Country (EN)== "China" & Category == "Cultural""
will run into errors.
df.query("`Country (EN)` == 'China' & Category == 'Cultural'")
To avoid those confusions, another option is to subset data frame without query string. We can do it simply using []. However, we also need to make use of () to group our query into orders.
For example:
df["Country (EN)"] == "China" & df["Category"] == "Cultural"
In the above line, there is no separation between "China" and & so it might be interpreted as:
df["Country (EN)"] == ("China" & df["Category"] == "Cultural")
which will run into errors.
What we need to do is to group them:
(df["Country (EN)"] == "China") & (df["Category"] == "Cultural")
so we make sure it will be interpreted as:
(col-A == a)
& (col-B == b)
df[(df["Country (EN)"] == "China") & (df["Category"] == "Cultural")]
So now, let's filter all Chinese sites regardless of heritage types.

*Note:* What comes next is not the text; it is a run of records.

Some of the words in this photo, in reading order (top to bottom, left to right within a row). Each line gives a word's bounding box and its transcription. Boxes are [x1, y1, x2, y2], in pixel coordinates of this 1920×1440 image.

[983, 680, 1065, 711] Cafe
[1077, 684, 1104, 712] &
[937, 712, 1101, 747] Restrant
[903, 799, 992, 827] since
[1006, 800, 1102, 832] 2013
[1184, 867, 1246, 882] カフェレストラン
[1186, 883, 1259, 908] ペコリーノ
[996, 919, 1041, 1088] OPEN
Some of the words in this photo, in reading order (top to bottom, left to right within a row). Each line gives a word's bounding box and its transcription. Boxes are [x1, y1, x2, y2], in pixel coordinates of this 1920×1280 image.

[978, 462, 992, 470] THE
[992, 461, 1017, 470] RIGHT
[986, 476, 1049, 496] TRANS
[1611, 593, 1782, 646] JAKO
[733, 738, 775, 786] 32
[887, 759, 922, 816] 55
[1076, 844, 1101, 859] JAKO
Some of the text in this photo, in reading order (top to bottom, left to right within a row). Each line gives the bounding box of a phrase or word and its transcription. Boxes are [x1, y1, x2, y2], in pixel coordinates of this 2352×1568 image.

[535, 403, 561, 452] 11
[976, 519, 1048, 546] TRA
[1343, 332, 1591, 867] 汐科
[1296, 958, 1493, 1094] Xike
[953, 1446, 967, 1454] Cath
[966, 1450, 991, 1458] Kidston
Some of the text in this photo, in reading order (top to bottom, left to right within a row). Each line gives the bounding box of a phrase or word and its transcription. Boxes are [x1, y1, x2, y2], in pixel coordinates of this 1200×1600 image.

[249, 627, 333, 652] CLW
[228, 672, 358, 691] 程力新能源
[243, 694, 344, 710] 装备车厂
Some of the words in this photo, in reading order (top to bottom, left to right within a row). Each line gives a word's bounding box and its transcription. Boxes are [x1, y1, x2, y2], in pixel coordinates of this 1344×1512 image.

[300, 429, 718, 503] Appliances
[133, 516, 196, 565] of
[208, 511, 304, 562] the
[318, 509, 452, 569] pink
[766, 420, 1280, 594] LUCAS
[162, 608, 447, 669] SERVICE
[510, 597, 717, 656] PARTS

china_site = df[df["Country (EN)"] == "China"]
china_site.head(1)
Check the number of sites we have in the data frame:
china_site['Name (EN)'].count()
As the column namings are a bit confusion with the spacings and capital letters, we will rename the columns:
china_site = china_site[["Name (EN)","Date inscribed","Category"]] # select multiple columns in a list []
china_site = china_site.rename(columns={"Name (EN)": "name", "Date inscribed": "date", "Category": "type"}) # rename the columns for easy reading
china_site.head(1) # check the updates
china_site['date'] = pd.to_datetime(china_site["date"])
By converting the column to datetime objects, we can do multiple operations inside the data fame, just as extracting only the year information. It can be done by .year
. As the year information for us is more relevant than the month and day, we will remove the original column and add a year column.
china_site['year'] = pd.DatetimeIndex(china_site['date']).year # set up a new year column
china_site = china_site.drop(columns=['date']) # remove the original date column
china_site.head(1) # check the first row
UNESCO Sites
Using the china_site
variable, we can check on the number of sites for each year using groupby()
. After groupby(), we keep only the name
column and count the number of rows using count()
. Yet, we will get a Pandas series (pandas.core.series.Series
) as return, not a data frame. We need to convert it back to data frame using reset_index()
and add name="count"
to tell Pandas the new column will be called "count".
count = china_site.groupby("year")["name"].count()
count
count_df = count.reset_index(name="count")
count_df
- ### Cumulative totals of the heritage sites
The above table displays the number of sites inscribed in China every year, however, what if we want to know the total number of heritage sites in China for every year? We can use cumsum()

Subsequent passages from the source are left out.